Subjects
Subjects were 82 patients who visited the Department of Respiratory Medicine in the affiliated hospital of the Mongolian National University of Medical Sciences in March 2012 and 2013. Patients with COPD and BA aged 40–79 years and in stable state (not in exacerbation state) were classified as “Patients”, whereas hospital patients without any respiratory diseases but with a moderate disease such as mild hypertension were recruited as “Controls”. The patients and hospital controls filled out the questionnaire three times in March, May and July. Respiratory diseases were diagnosed by respiratory specialist and pulmonary function test. The pulmonary function test was performed using spirometer HI-105 (CHEST M.I., Tokyo, Japan) and the subjects were classified into four groups according to the guidelines of The Japanese Respiratory Society; normal, obstructive, restrictive, and combined ventilatory impairment (Sasaki et al. 2001). Patients were classified as COPD or BA according to the clinical findings, spirometry results, and the onset and duration of symptoms. Patients and controls with infection or severe comorbidities such as cancer or pneumonectomy were excluded. We also excluded subjects who did not fill out 3 consecutive questionnaires and those who did not take the pulmonary function test. In total, 27 patients (16 with COPD and 11 with BA) and 27 controls were included in this study.
Questionnaire
The questionnaire is a self-completed booklet containing questions on the age, sex, smoking history, occupation, respiratory symptoms: Q1, Does the weather affect your cough?; Q2, Have you ever coughed up sputum from your chest when you do not have a cold?; Q3, Do you usually cough up sputum from your chest first thing in the morning?; Q4, How frequently do you wheeze? SF-36v2 and COOP/WONCA charts. Responses to SF-36 were on three-, five- or six-point ordinal scales, from which 8 subscales (physical functioning, PF; role limitations due to physical health problems, RP; bodily pain, BP; general health perceptions, GH; vitality, VT; social functioning, SF; role limitations due to emotional problems, RE; mental health, MH) were calculated from 0 to 100 points (min = 0, max = 100) according to the scoring manual (Fukuhara et al. 2004). Responses to the COOP/WONCA charts comprising of 8 items (physical fitness, PF; feelings, FE; daily activities, DA; social activities, SA; change of health, CH; overall health, OH; pain, PA; quality of life, QL) were scored on a five-point ordinal scale ranging from 1 to 5 (1 = best, 5 = worst) (van Weel 1993).
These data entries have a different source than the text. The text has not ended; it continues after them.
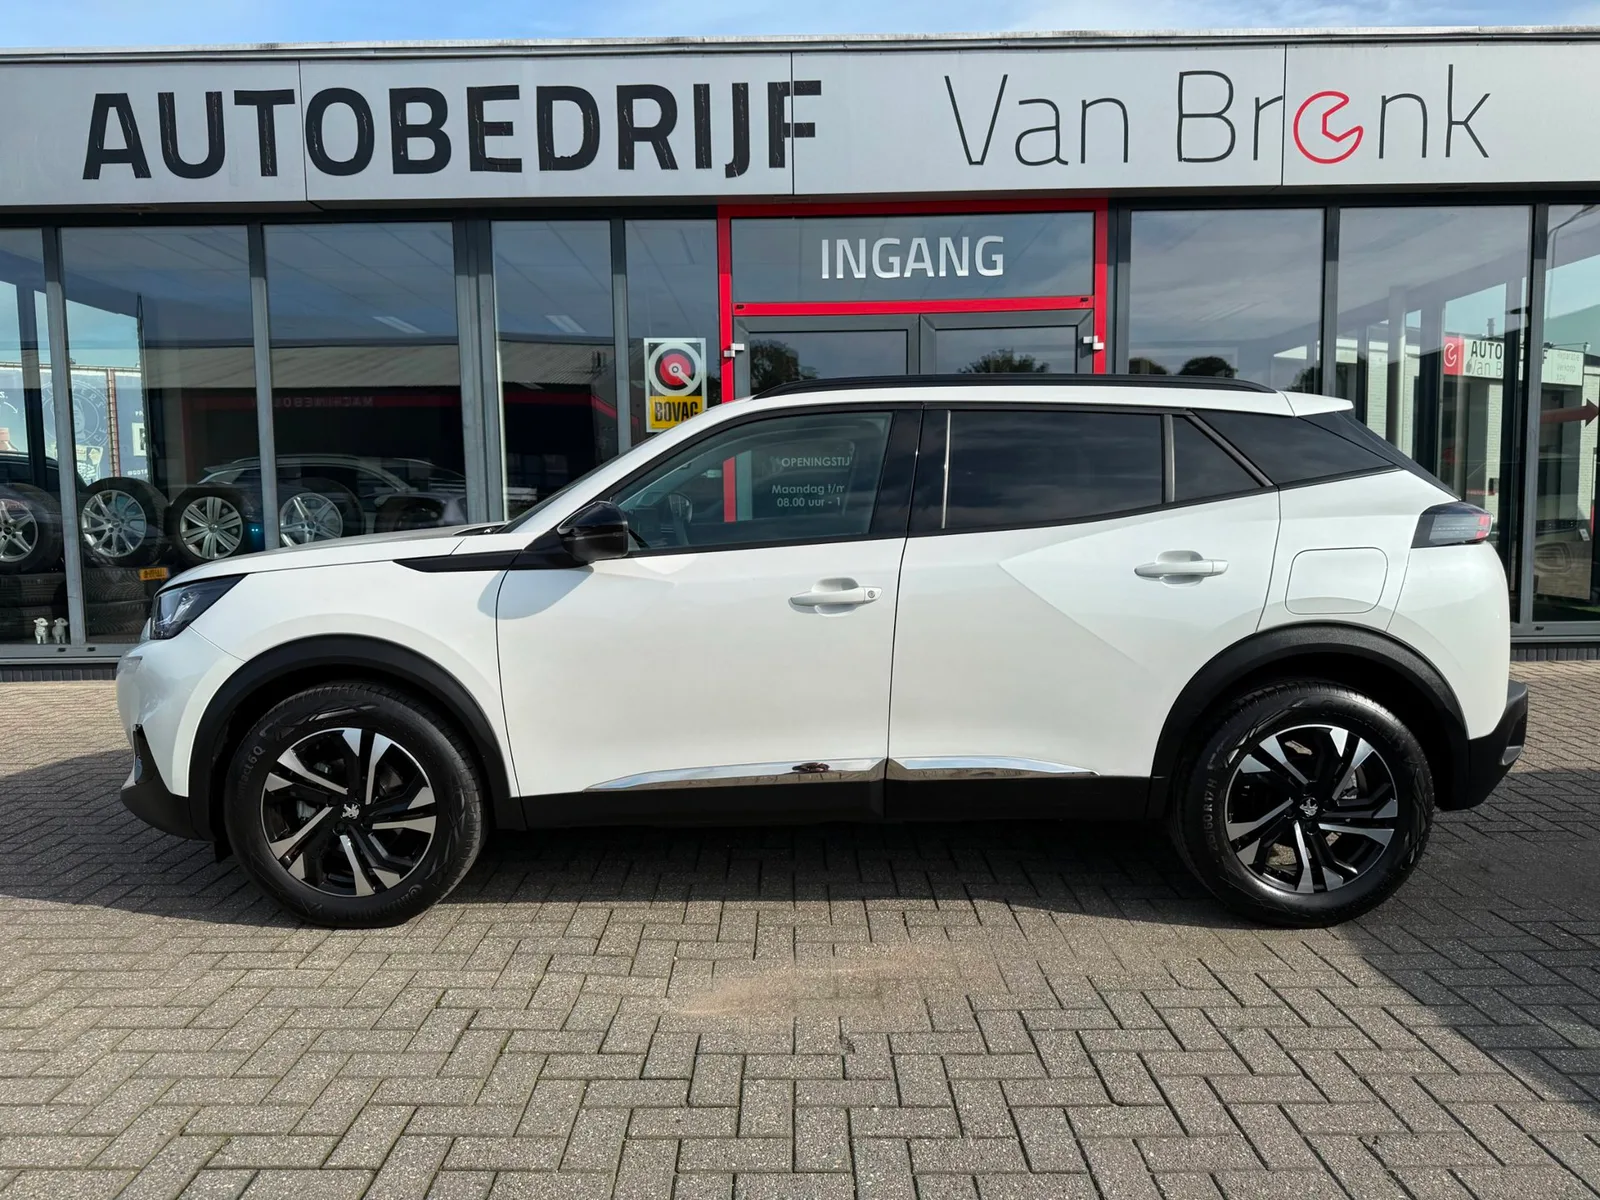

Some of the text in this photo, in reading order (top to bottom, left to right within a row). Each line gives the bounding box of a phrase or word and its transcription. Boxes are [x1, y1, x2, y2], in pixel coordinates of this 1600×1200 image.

[83, 80, 823, 180] AUTOBEDRIJF
[944, 73, 1129, 166] Van
[821, 235, 1005, 279] INGANG
[654, 401, 699, 422] BOVAG
[781, 456, 853, 468] OPENINGSTIJ
[771, 484, 825, 496] Maandag
[776, 497, 805, 508] 08.00
[808, 498, 826, 507] uur
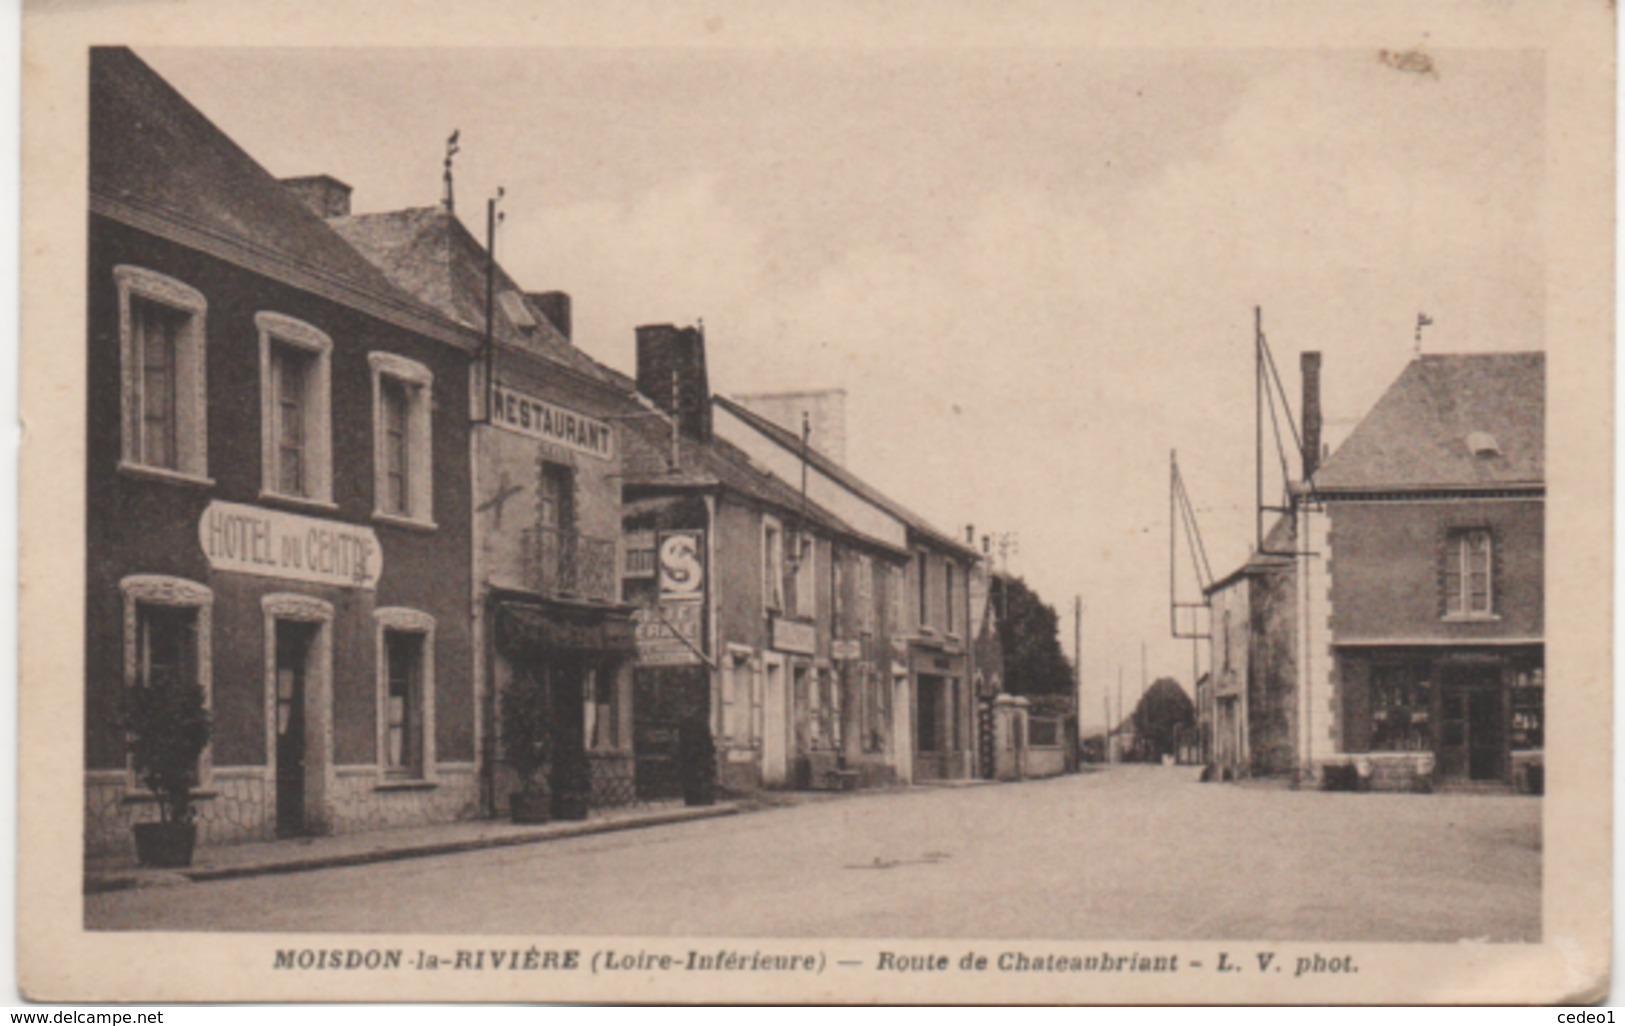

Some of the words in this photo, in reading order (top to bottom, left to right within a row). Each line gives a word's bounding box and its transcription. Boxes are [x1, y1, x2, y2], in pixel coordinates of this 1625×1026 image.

[492, 389, 611, 454] RESTAURANT
[208, 509, 277, 565] HOTEL
[281, 534, 302, 568] DU
[305, 527, 375, 583] CENTRE
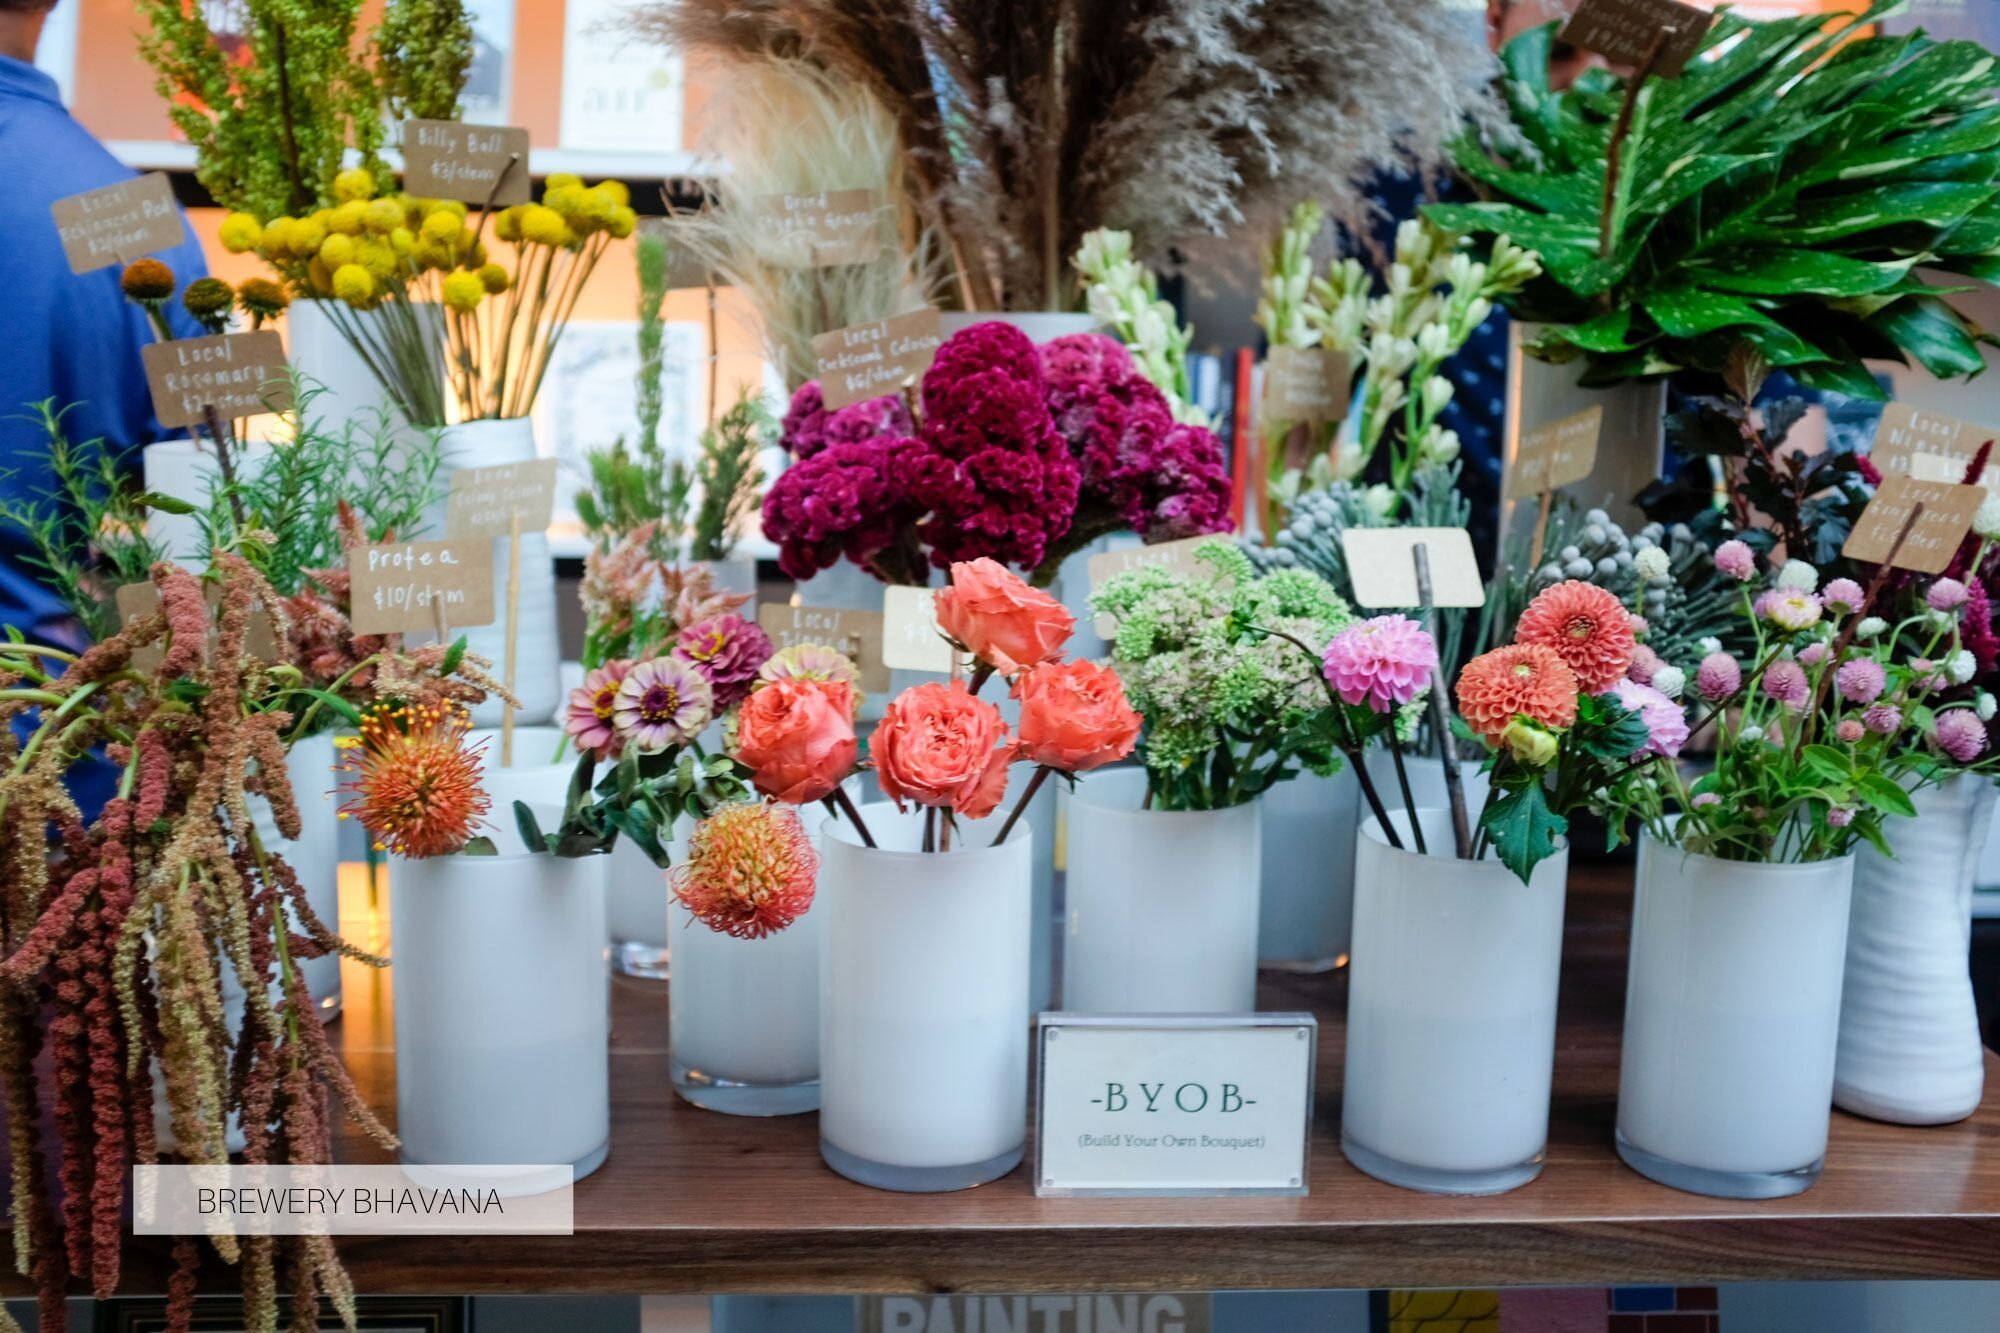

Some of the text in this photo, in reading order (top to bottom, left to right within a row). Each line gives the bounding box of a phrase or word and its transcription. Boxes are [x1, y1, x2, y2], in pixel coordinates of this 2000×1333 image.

[418, 126, 502, 155] Billy Ball
[81, 185, 127, 214] Local
[142, 195, 171, 219] Pod
[843, 318, 888, 348] Local
[177, 337, 233, 368] Local
[164, 365, 266, 394] Rosemary
[1909, 410, 1962, 442] Local
[1900, 482, 1953, 504] Local
[373, 582, 465, 612] $10/stm
[793, 609, 841, 633] Local
[1078, 1133, 1266, 1151] (Build Your Own Bouquet)
[883, 1295, 1185, 1333] PAINTING
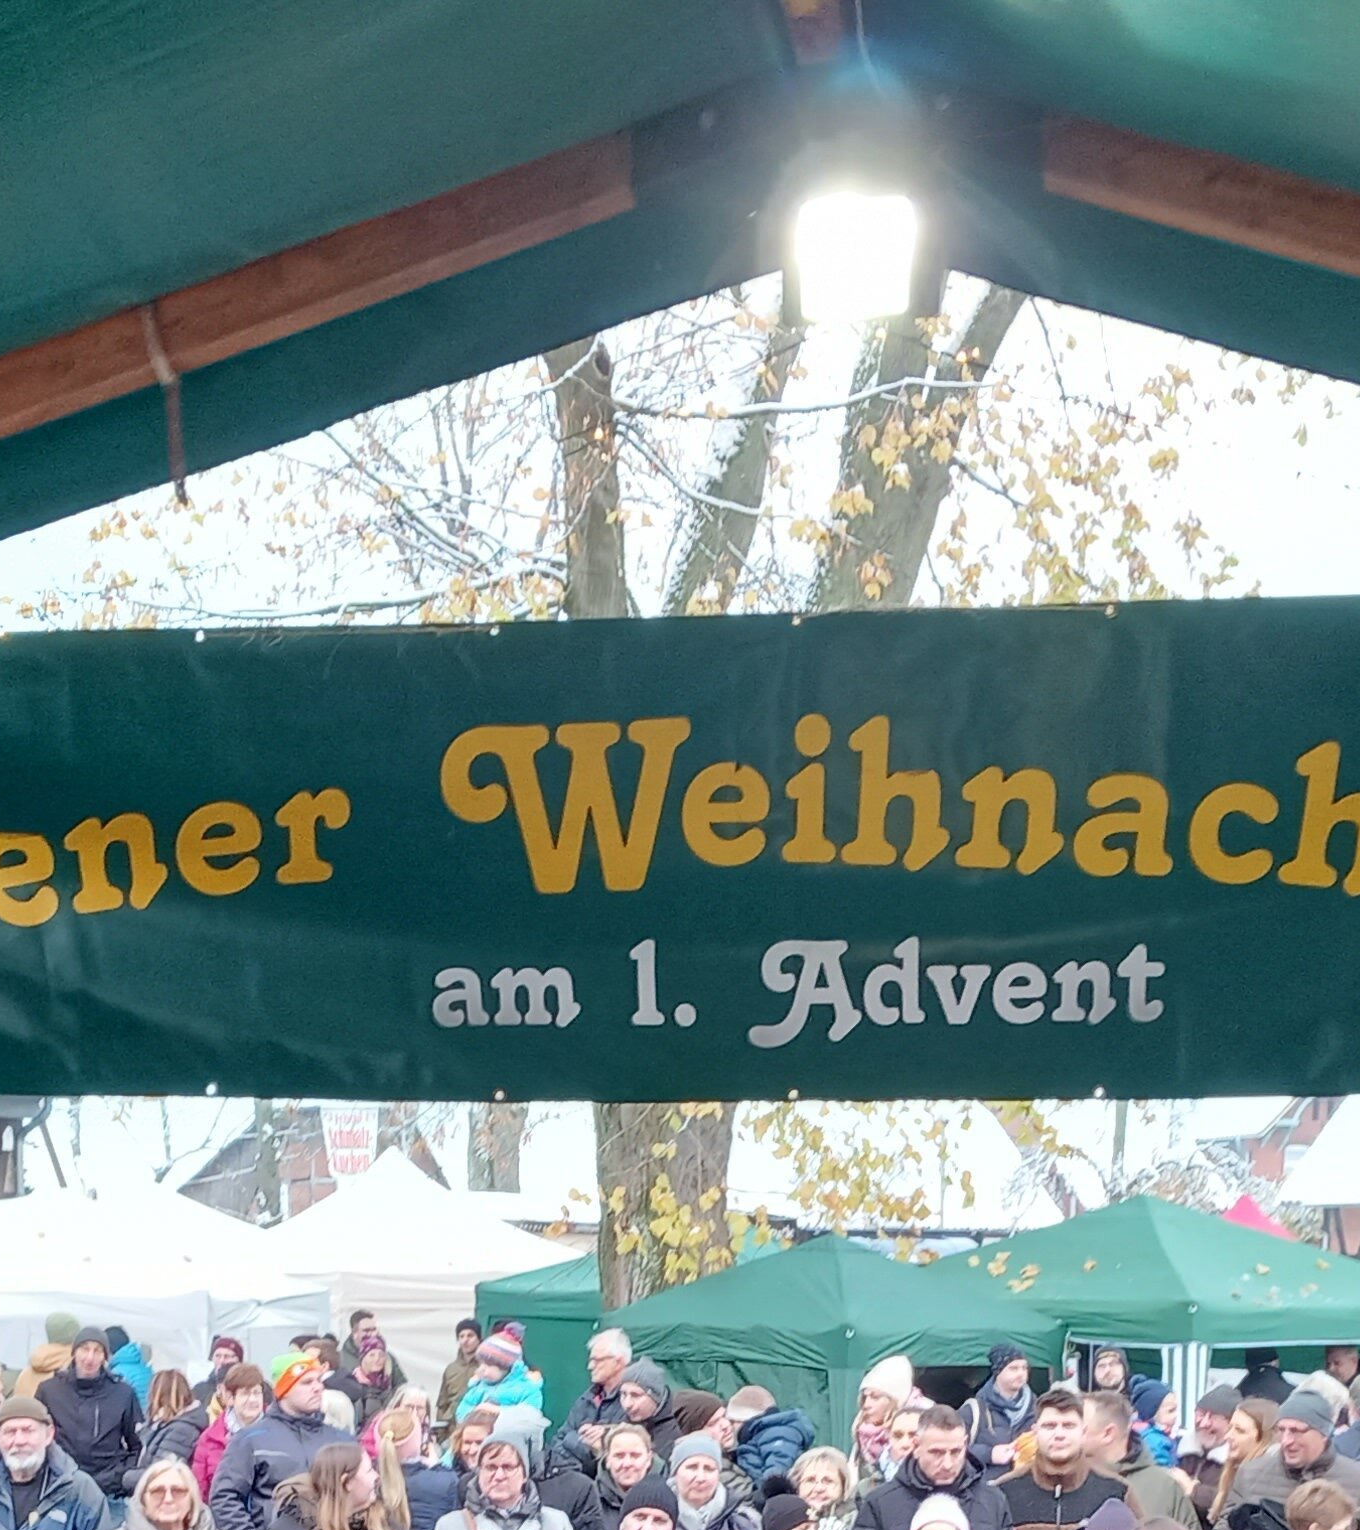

Measurement of ambient PM2.5 level and the analyses of their components
Ambient air was sampled in the center of Ulaanbaatar city at 47°54′53.0″N 106°55′24.2″E, away from heavy traffic and any smoke-generating facility. Fine particles with a diameter of 2.5 μm or less (PM2.5) were collected on polytetrafluoroethylene (PTFE) filters using FRM-2000 (Thermo Fisher Scientific Inc., Waltham, MA, USA) at a flow-rate of 16.7 L/min. Sampling times were 9 am to 4:50 pm and 5 pm to 8:50 am of the next morning. Personal exposure level of PM2.5 was measured using mini pump MP-∑3 (SIBATA SCIENTIFIC TECHNOLOGY, Tokyo, Japan) equipped with PTFE filter at a flow-rate of 2.50 L/min. Sampling time for mini pump was 9 am to 5 pm. Sampled filters were stored in hermetically sealed plastic bags at −20 °C. Filters were weighed, followed by conditioning at 21.5 ± 1.5 °C and 35.0 ± 5.0 % relative humidity using an electric analytical scale (ME-5F, Sartorius AG, Göttingen, Germany). PM2.5 mass concentration was calculated by subtracting the filter weight of pre-sampling from post-sampling. Carbon and ionic components contained in the particles sampled on the filters were analyzed by FUJITSU QUALITY LABORATORY (Kawasaki, Japan).
Data handling and statistical analyses
All data were handled by questionnaire IDs and managed as electronic data for the analysis. Statistical analyses were performed using the statistical software packages JMP version 11 (SAS Institute, Cary, NC, USA), including Welch’s t test and one-way analysis of variance (ANOVA) followed by Tukey’s HSD test for the parametric analyses of continuous variables of two and three groups respectively, and χ2-test for analyses of categorical data. P values <0.05 were considered significant.
Ethical considerations
The present study was approved by the Clinical Ethical Review Board of Kurume University School of Medicine. Before investigation, all participants were given explanations in person as to the purpose and method of the study, as well as information regarding handling of the results. The study was carried out upon receipt of written consent.